Configuration fields
Count
Specify the number of time units to delay.
You can enter a fixed numeric value or click the expression editor icon to define the delay duration dynamically using workflow variables, form fields, or calculated values.This allows the delay length to vary based on workflow data instead of being hard-coded.
Unit
Select the time unit for the delay:Month
Week
Day
Hour
Minute
Second
The delay starts counting as soon as the workflow reaches this action.
Example scenarios
Send a reminder email 3 days after a request is submitted
Escalate an approval if no response is received after 48 hours
Trigger a follow-up task 1 week later
Delay Until a Date
This option pauses the workflow until a specific date and time is reached.
After selecting Delay until a date as the delay type, you must define the source of delay.
The Source of delay supports the following types: Specific time and Dynamic time.
A. Specific time
Select Specific time to delay the workflow until a fixed calendar date and time.
Configuration fields:
Date
Select the target date from the date picker.Time of day
Select the exact time when the workflow should resume.

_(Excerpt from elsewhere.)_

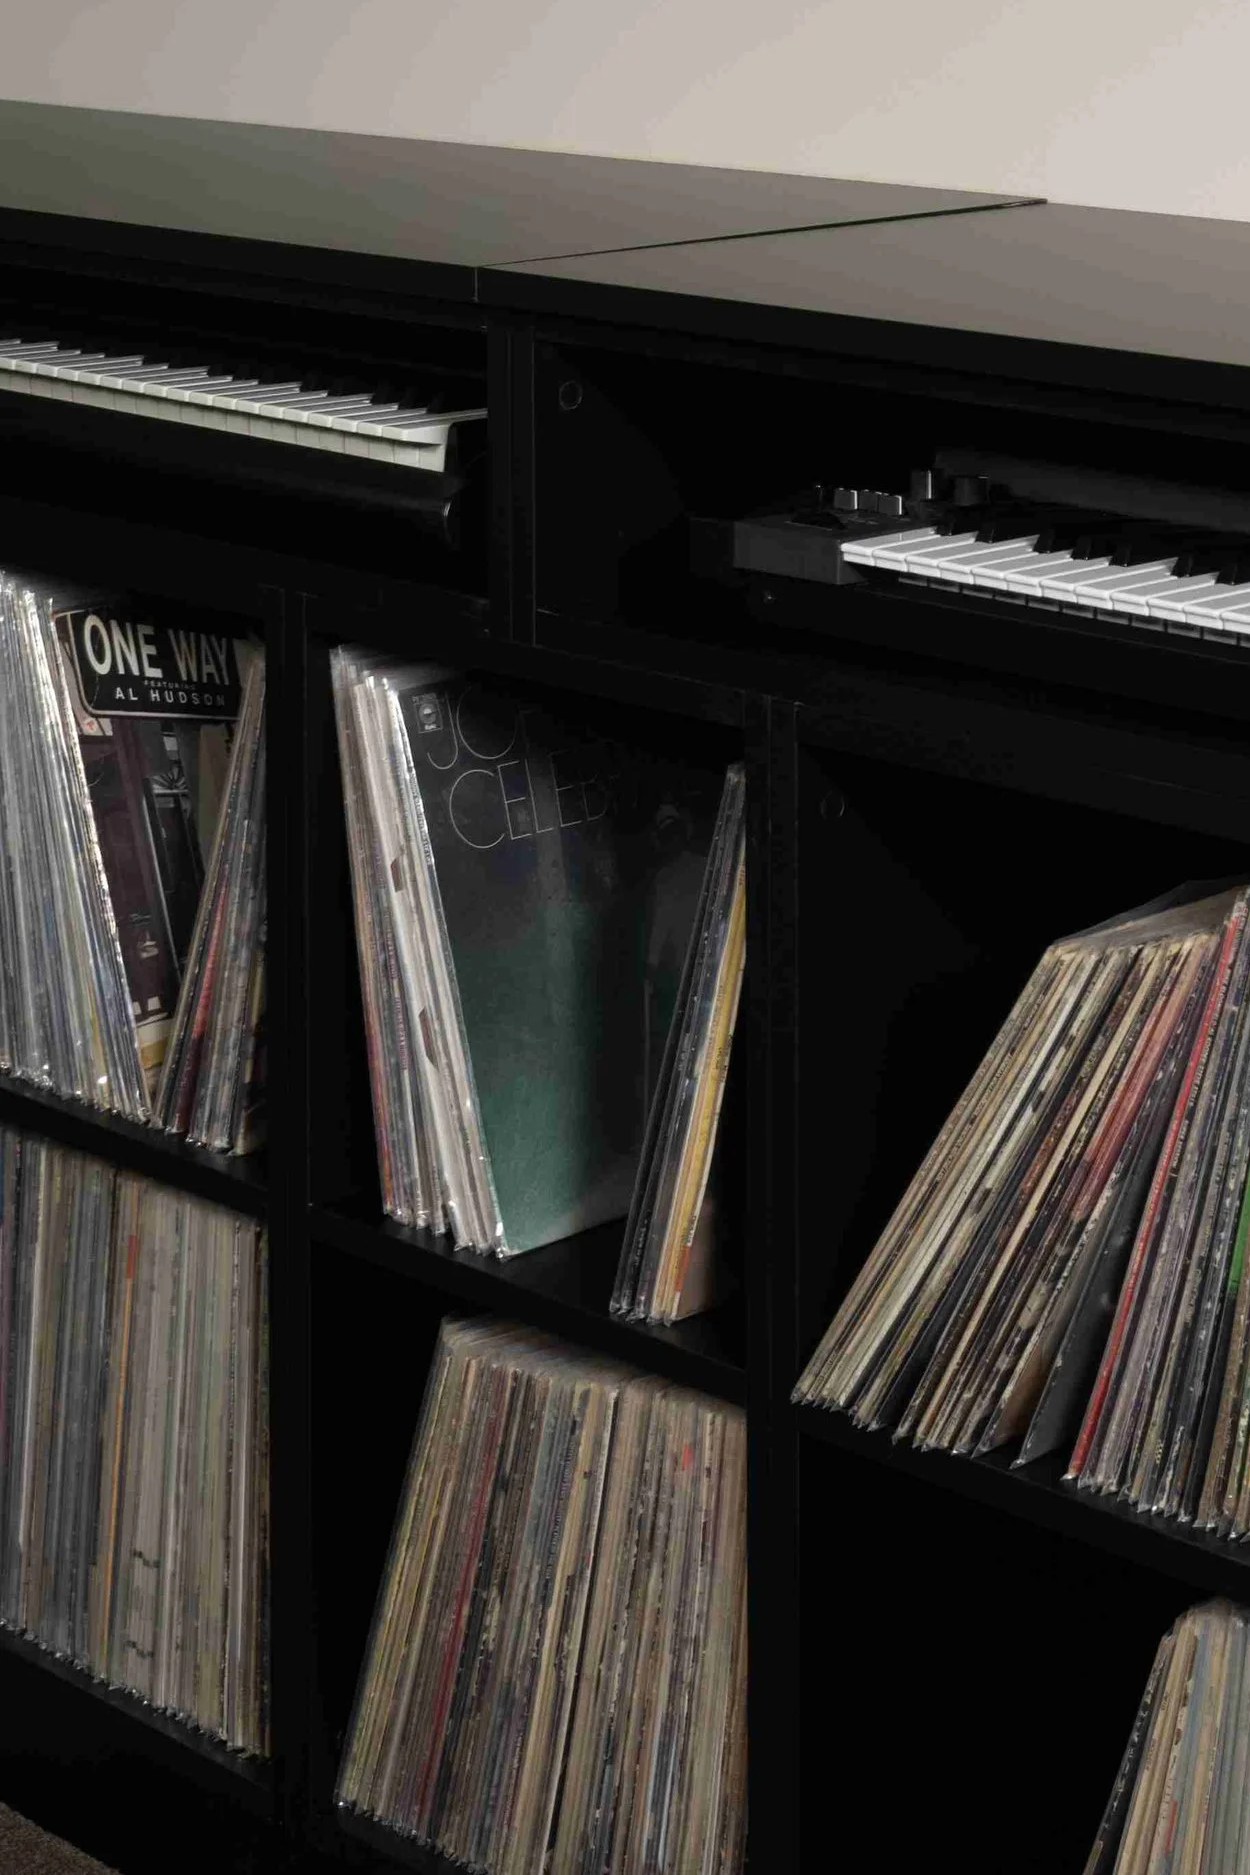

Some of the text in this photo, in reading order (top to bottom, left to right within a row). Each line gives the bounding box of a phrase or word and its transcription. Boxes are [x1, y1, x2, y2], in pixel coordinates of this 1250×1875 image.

[83, 613, 230, 686] ONE WAY
[115, 686, 226, 707] AL HUDSON
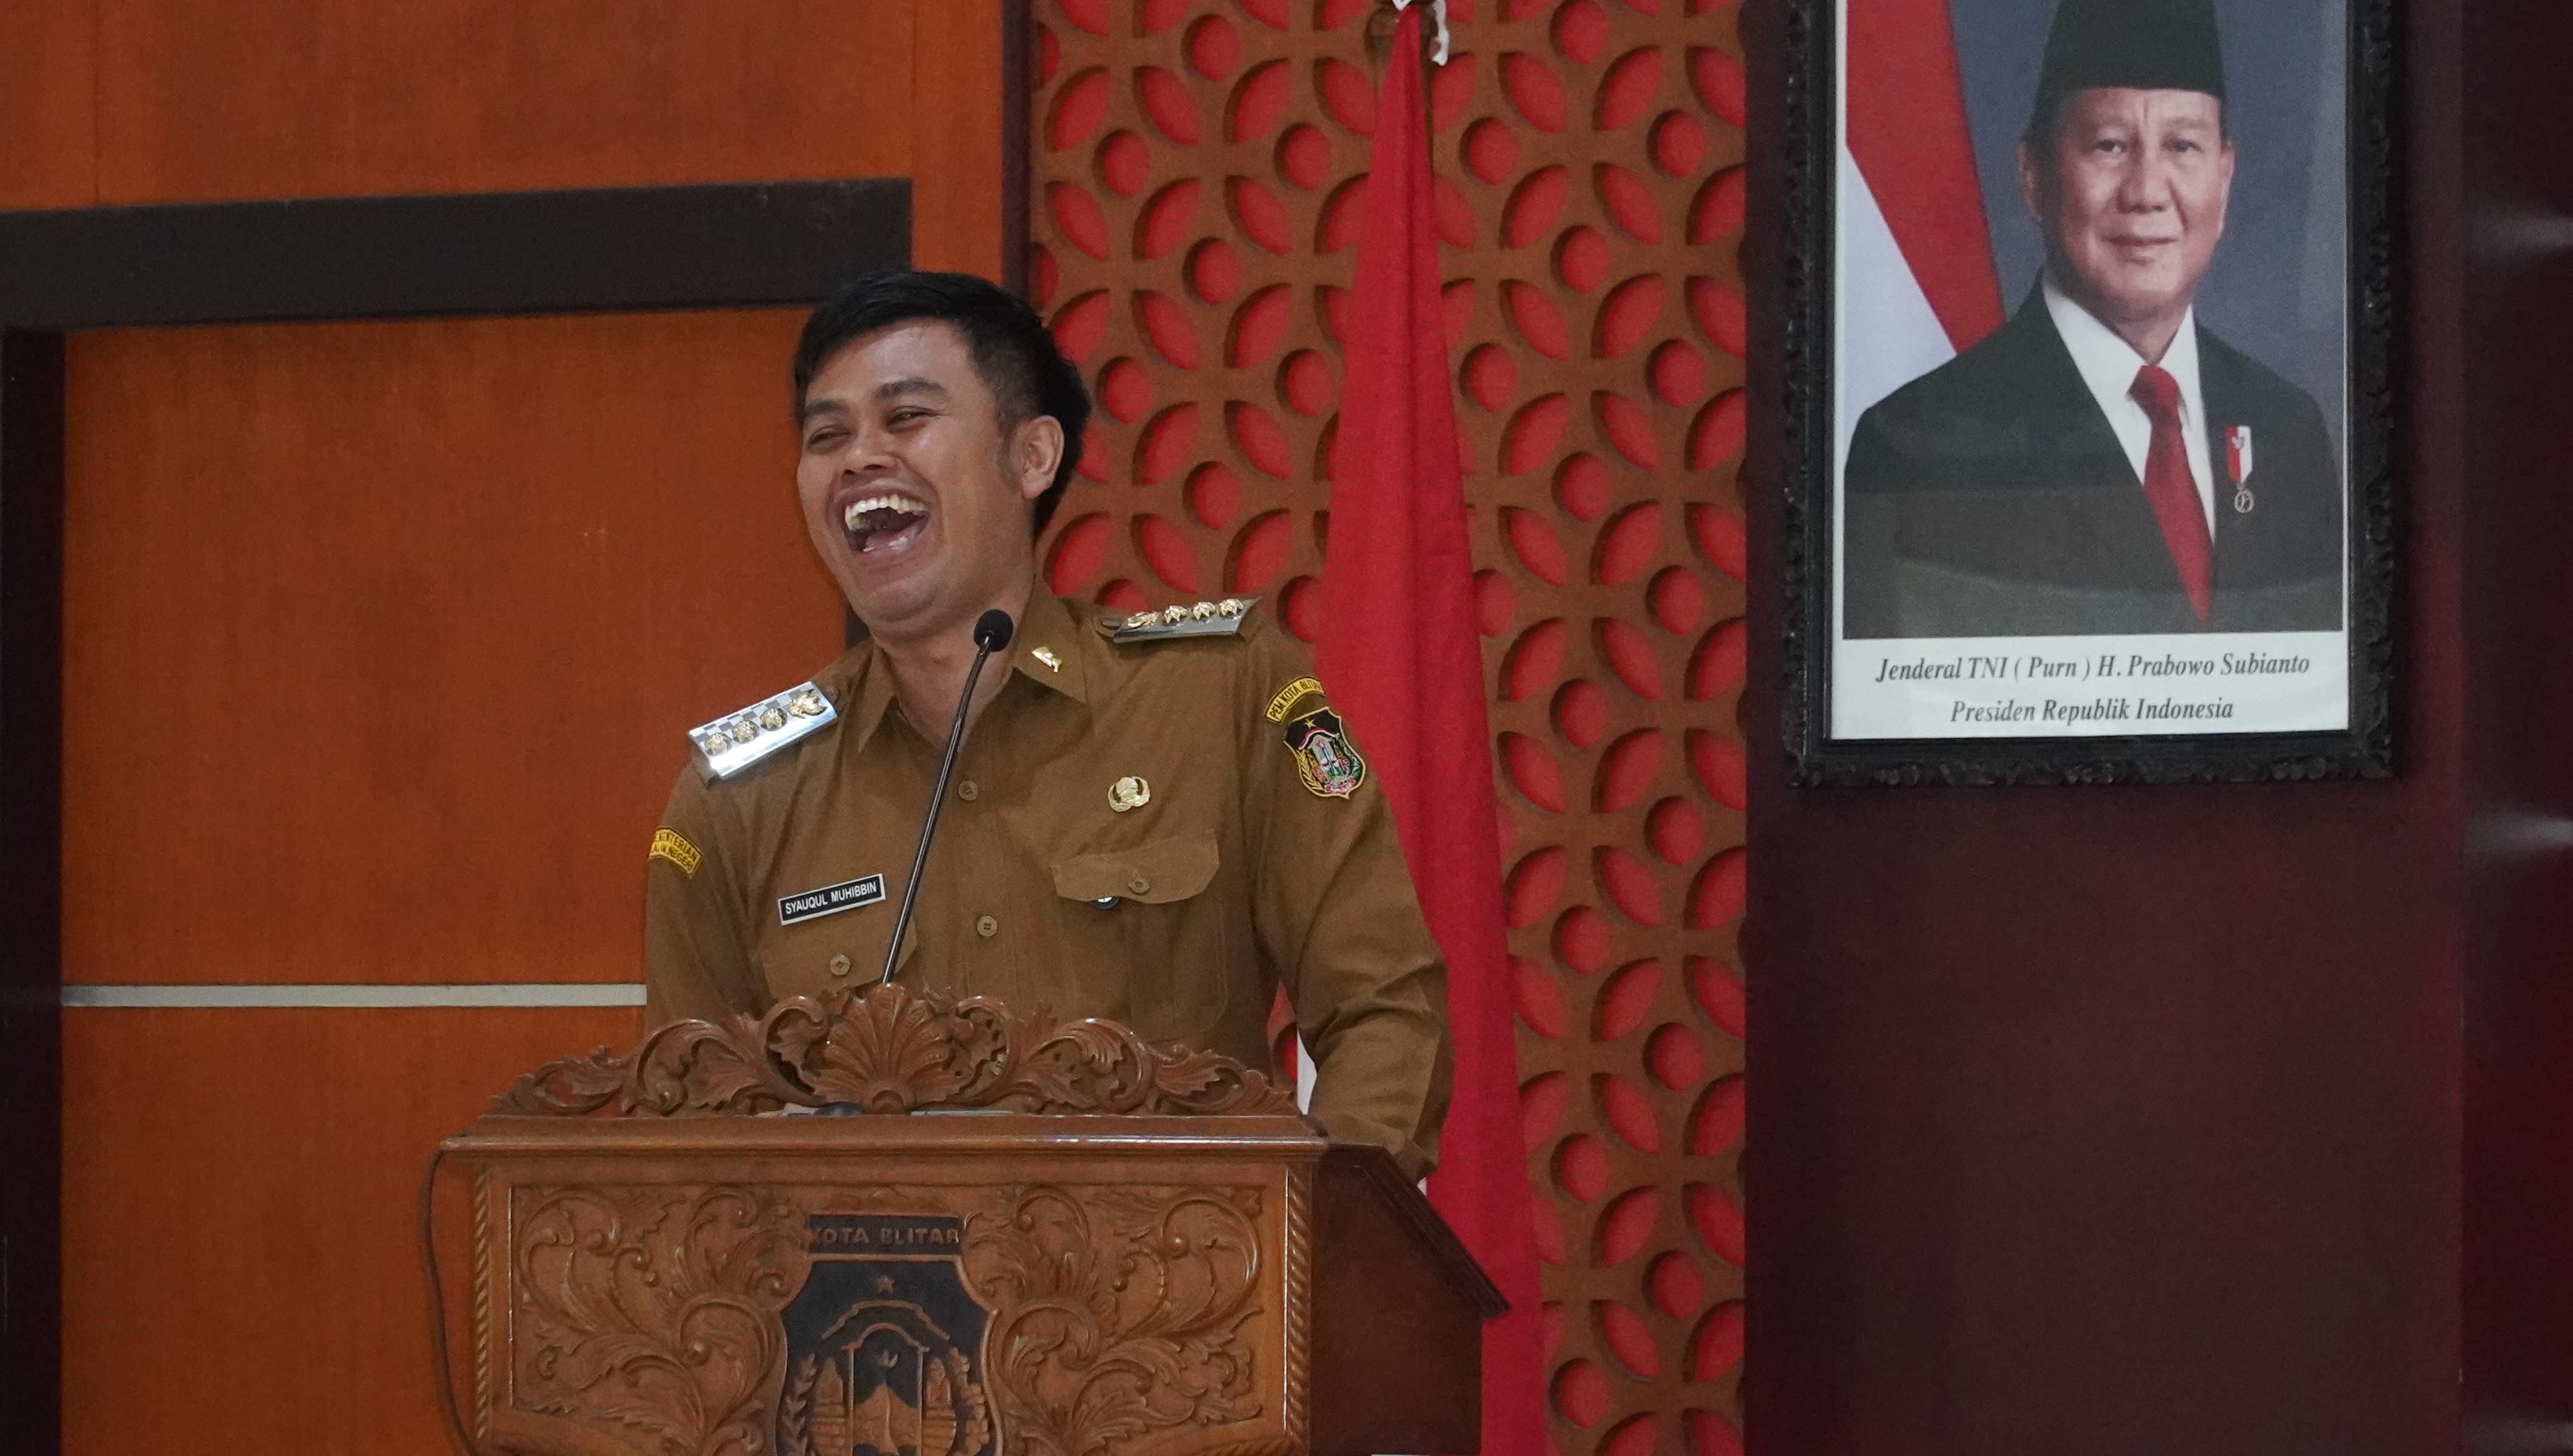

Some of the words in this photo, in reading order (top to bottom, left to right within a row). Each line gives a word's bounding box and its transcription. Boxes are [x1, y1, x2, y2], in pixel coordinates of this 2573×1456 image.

Note: The maximum delay duration is 1,096 days.
Example scenarios:
Resume the workflow on March 27, 2026 at 17:00
Trigger an action at the end of a specific business day
Align workflow execution with a known deadline or event
B. Dynamic time
Select Dynamic time to delay the workflow until a date and time defined by workflow data.
Configuration fields:
Date and time
Click the expression editor icon to select a date or datetime value from workflow variables, form fields, or calculated expressions.
The workflow will pause execution until the dynamically resolved date and time is reached.
Example scenarios:
Delay the workflow until the Expected Delivery Date from the form
Resume execution based on a record-specific deadline
Control workflow timing dynamically based on submitted data
Delay Until the Condition Meet
This option pauses the workflow until a specified condition becomes true.
Configuration fields
Condition
Define the condition using the Condition editor.
The workflow will continuously evaluate the condition and automatically resume once the condition is satisfied.
Example scenarios
Wait until an approval status changes to Approved
Continue the workflow only after a payment is marked as Completed
Pause execution until a related record is created or updated
This delay type is especially useful for workflows that depend on data changes or user actions, rather than time-based scheduling.
Best Practices
Use Delay for a set amount of time for simple and predictable waiting periods
Use Delay until a date when aligning workflows with deadlines or schedules
Use Delay until the condition meet for workflows driven by status changes or external updates
Avoid placing long delays in high-frequency workflows unless necessary, to prevent excessive pending workflow instances
Summary
The Delay action provides flexible control over workflow execution timing.
By selecting the appropriate delay type—time-based, date-based, or condition-based—you can design workflows that better match real-world business processes and improve automation reliability.